O estande da Xbox estava bem estruturado e organizado, mas o espaço dedicado a Ninja Gaiden 4 chamou atenção por estar vazio em certos momentos da manhã reservados à imprensa. Isso nos deu acesso tranquilo ao jogo, mesmo com restrições rígidas: não pudemos gravar, nem mesmo em over-the-shoulder.
Desde os primeiros minutos, a impressão é clara: este Ninja Gaiden carrega o DNA da Platinum, com referências visuais e sonoras que lembram Bayonetta e Astral Chain. Ainda assim, o jogo não perde sua identidade. O protagonista tem peso nos movimentos, algo tradicional da série, e exige estratégia no combate. Esquivar, controlar o timing e conhecer o padrão dos inimigos são elementos cruciais.
Combate, estratégia e desafio de verdade


A dificuldade é alta, como manda a tradição. O boss que enfrentamos tinha duas fases, com golpes potentes e variações entre as etapas. Golpes normais brilham em amarelo, enquanto ataques mais poderosos — ativados com o modo Corvo — brilham em vermelho e infligem alto dano, quebrando a postura do inimigo. Essa habilidade demoníaca, ativada com L2, adiciona uma profundidade tática, embora ainda não saibamos sua origem narrativa.

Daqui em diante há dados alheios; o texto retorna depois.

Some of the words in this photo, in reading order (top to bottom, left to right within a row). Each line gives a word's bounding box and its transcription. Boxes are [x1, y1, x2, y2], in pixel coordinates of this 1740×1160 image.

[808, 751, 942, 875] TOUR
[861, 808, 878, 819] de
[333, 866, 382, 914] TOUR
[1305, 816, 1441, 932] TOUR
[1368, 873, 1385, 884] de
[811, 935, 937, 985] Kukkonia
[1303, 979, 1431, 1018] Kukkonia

O combate, apesar de rápido, não incentiva o “smashing buttons”. Pelo contrário, exige leitura de cenário, paciência e atenção aos padrões do inimigo. A câmera se comporta muito bem, mesmo em arenas fechadas, e os movimentos contém uma excelente fluidez e variedade de animações. Inclusive, há oportunidades de interação com o cenário, como usar grades laterais para ataques aéreos.

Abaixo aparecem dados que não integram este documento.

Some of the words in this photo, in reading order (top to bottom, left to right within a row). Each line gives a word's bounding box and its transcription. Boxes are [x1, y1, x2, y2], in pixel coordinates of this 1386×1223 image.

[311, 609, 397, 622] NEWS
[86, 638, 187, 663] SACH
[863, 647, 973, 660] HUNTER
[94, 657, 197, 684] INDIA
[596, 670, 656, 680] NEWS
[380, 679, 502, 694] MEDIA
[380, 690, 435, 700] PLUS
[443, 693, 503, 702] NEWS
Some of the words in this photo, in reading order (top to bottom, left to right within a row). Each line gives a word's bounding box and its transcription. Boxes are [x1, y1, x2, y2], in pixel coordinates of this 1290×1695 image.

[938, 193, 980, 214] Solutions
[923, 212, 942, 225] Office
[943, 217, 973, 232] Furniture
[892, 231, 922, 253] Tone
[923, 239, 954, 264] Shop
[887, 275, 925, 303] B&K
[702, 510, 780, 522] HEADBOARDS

Plataforma, wallrun e o peso dos clássicos


Além do combate, o jogo oferece boas mecânicas de exploração: há wallrun, ganchos para alcançar plataformas elevadas e possibilidade de usar esses recursos para esquiva. Essa liberdade na movimentação torna o ritmo dinâmico e amplia as opções táticas durante as batalhas.
Porém, em termos gráficos, o jogo ainda parece limitado. O visual lembra a era do PlayStation 3 e 4, com texturas e ambientes mais simples. A estética, no entanto, é estilizada e carismática. Considerando a tradição da Koei Tecmo, é esperado que o foco esteja mais na jogabilidade do que no apelo visual. Ainda assim, esse pode ser o Ninja Gaiden mais bonito feito pela empresa até agora.
Desafio honesto e entrada acessível


Mesmo com chefes difíceis e combates exigentes, o jogo não parece exigir conhecimento prévio da franquia. A inclusão de um novo protagonista — e a presença de textos em português — sugerem uma proposta mais acessível para novos jogadores. Para quem quiser se preparar, a Koei e a Microsoft relançaram recentemente Ninja Gaiden 2 Remasterizado no Game Pass.
No geral, Ninja Gaiden 4 parece pronto para honrar o legado da série. Ainda há pontos que merecem atenção, como polimento gráfico e fluidez de NPCs, mas o potencial está ali — e a Platinum parece determinada a reconquistar seu brilho com esse projeto.